### Your task:
All that is wanted is an exact copy of the lines below, starting at the one that contains "Some of the words" and running to the end.

Collected data:
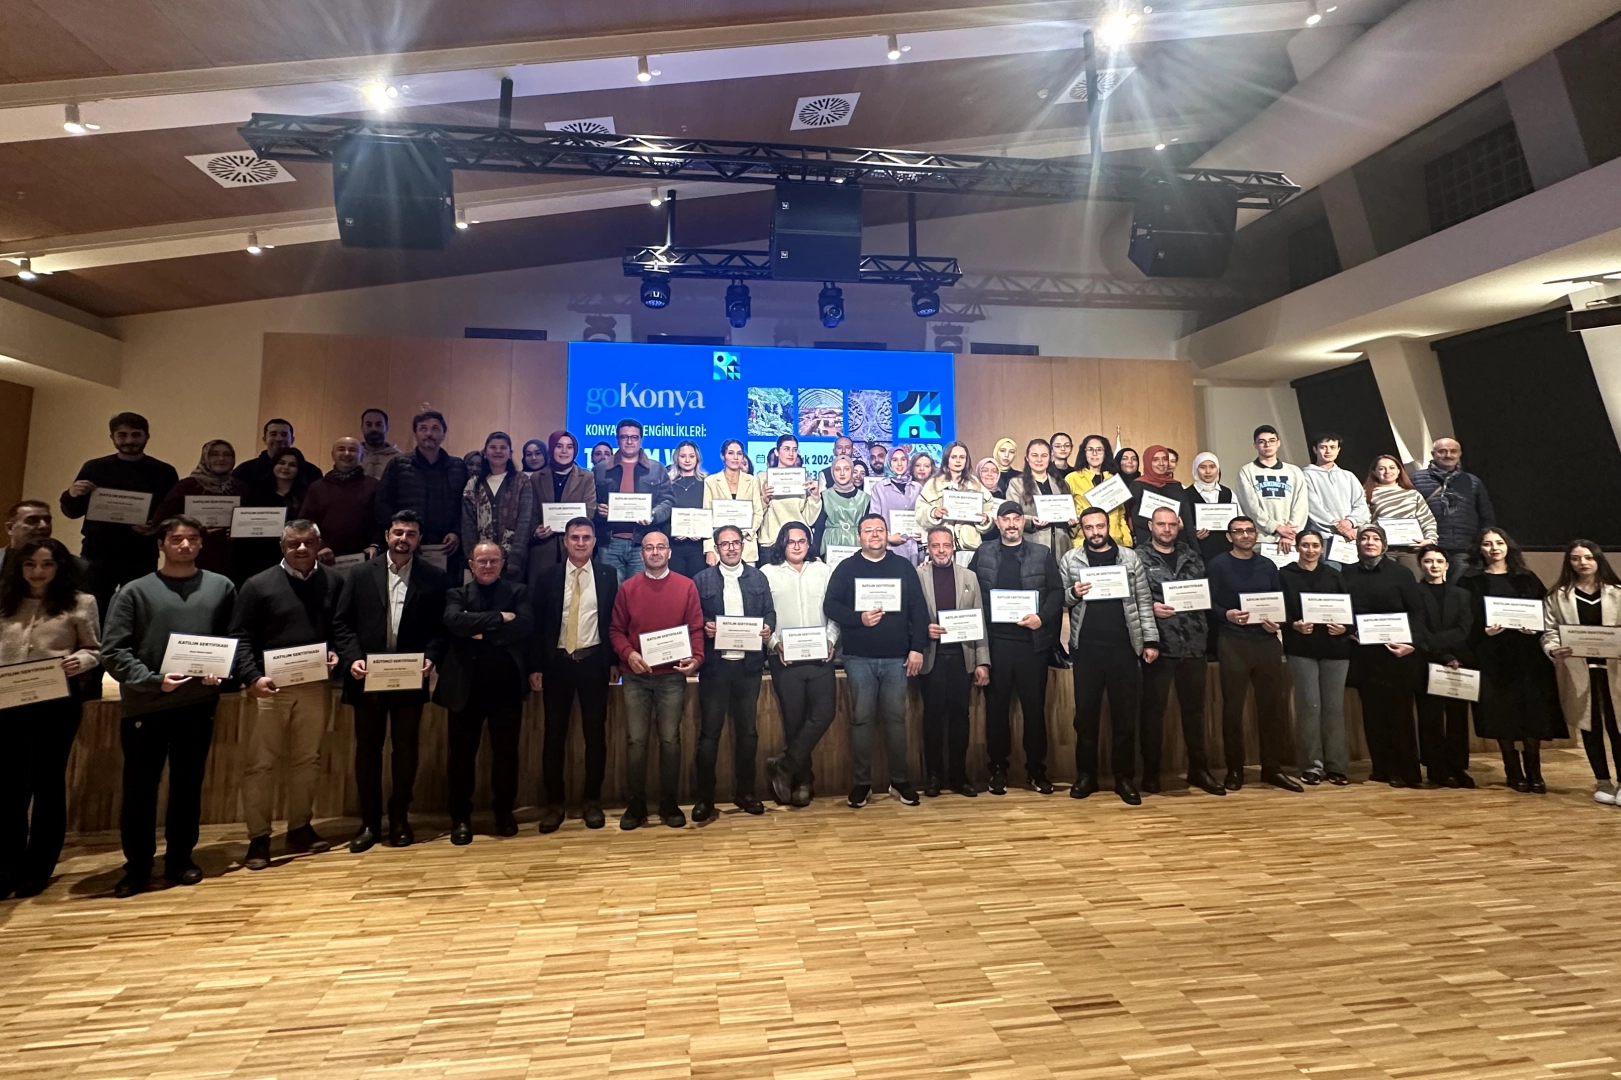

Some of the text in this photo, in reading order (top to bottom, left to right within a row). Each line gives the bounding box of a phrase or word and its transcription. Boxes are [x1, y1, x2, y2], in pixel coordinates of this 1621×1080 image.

[586, 382, 706, 416] goKonya
[586, 423, 707, 437] KONYA' ENGİNLİKLERİ:
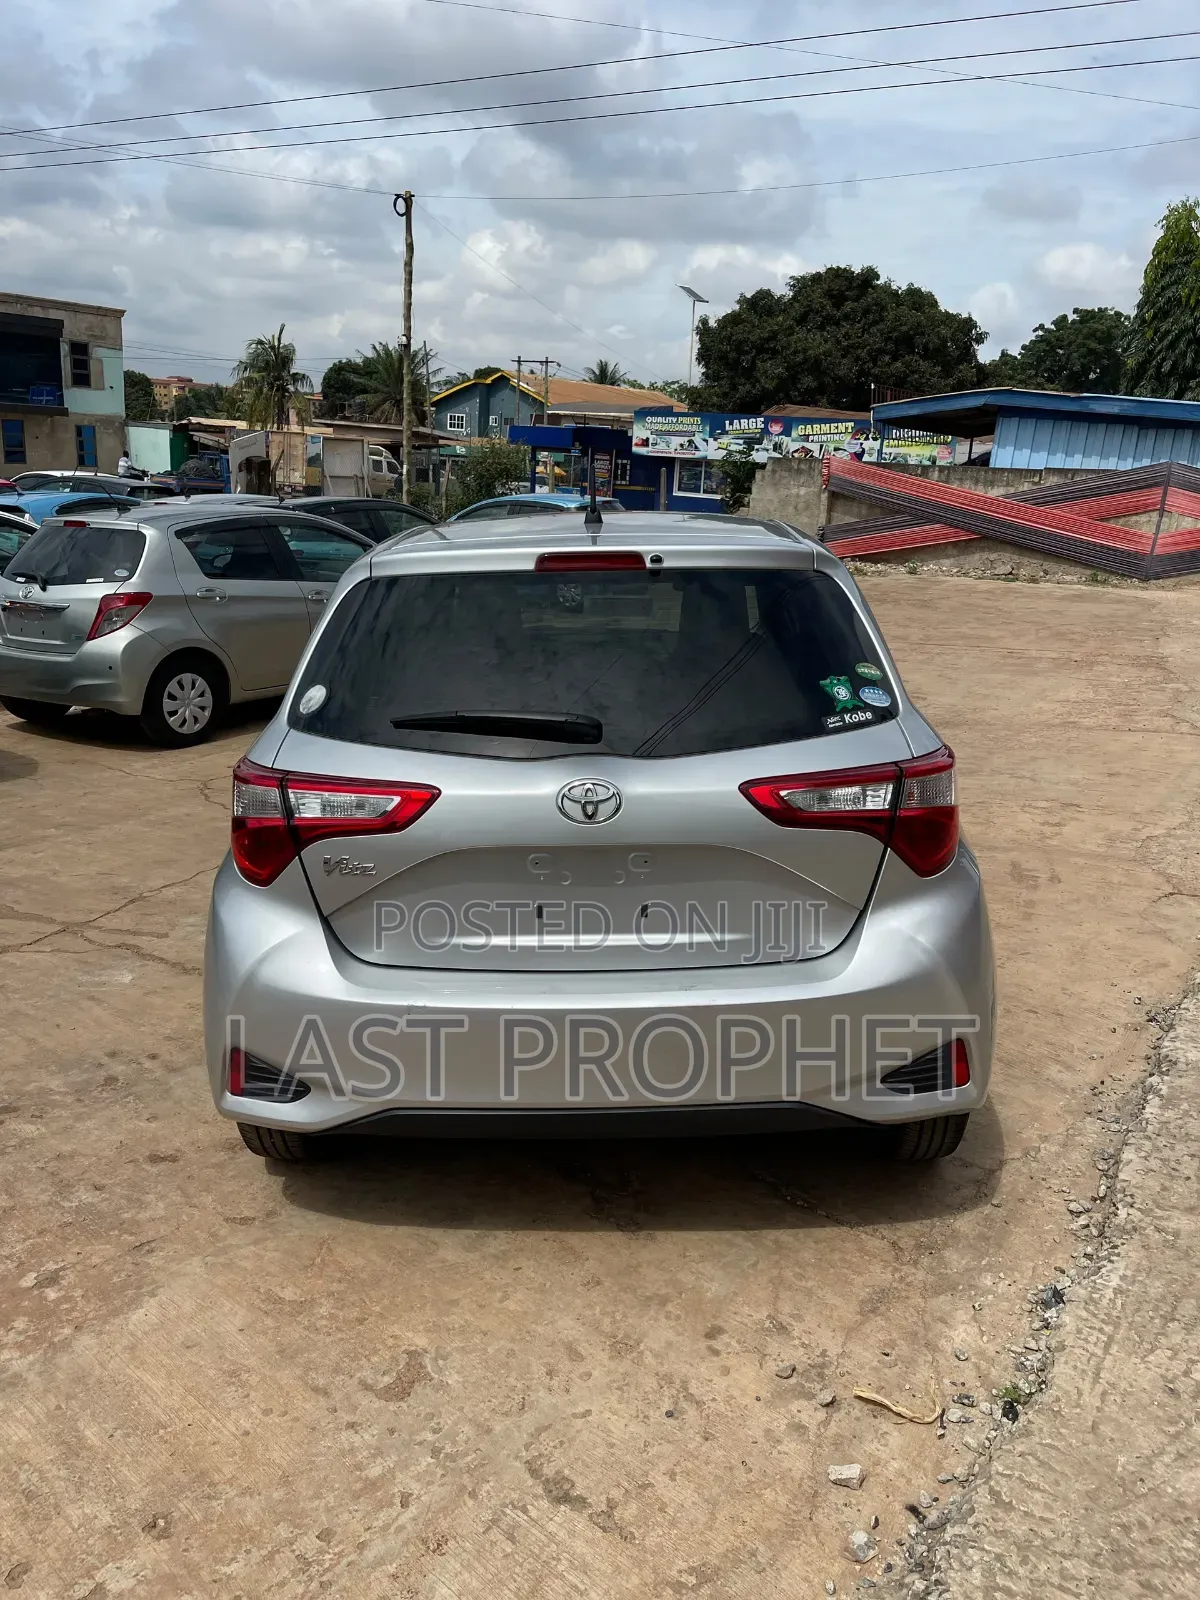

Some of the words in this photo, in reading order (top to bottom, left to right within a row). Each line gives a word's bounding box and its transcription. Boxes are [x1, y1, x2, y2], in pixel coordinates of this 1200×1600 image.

[678, 416, 701, 424] PRINTS
[725, 417, 765, 431] LARGE
[645, 423, 665, 431] MADE
[665, 424, 703, 432] AFFORDABLE
[797, 421, 855, 436] GARMENT
[808, 433, 846, 443] PRINTING
[844, 710, 872, 724] Kobe
[323, 855, 377, 877] Vitz

### Written answer:
Some of the words in this photo, in reading order (top to bottom, left to right within a row). Each line gives a word's bounding box and its transcription. Boxes are [x1, y1, x2, y2], in pixel coordinates of this 1200×1600 image.

[678, 416, 701, 424] PRINTS
[725, 417, 765, 431] LARGE
[645, 423, 665, 431] MADE
[665, 424, 703, 432] AFFORDABLE
[797, 421, 855, 436] GARMENT
[808, 433, 846, 443] PRINTING
[844, 710, 872, 724] Kobe
[323, 855, 377, 877] Vitz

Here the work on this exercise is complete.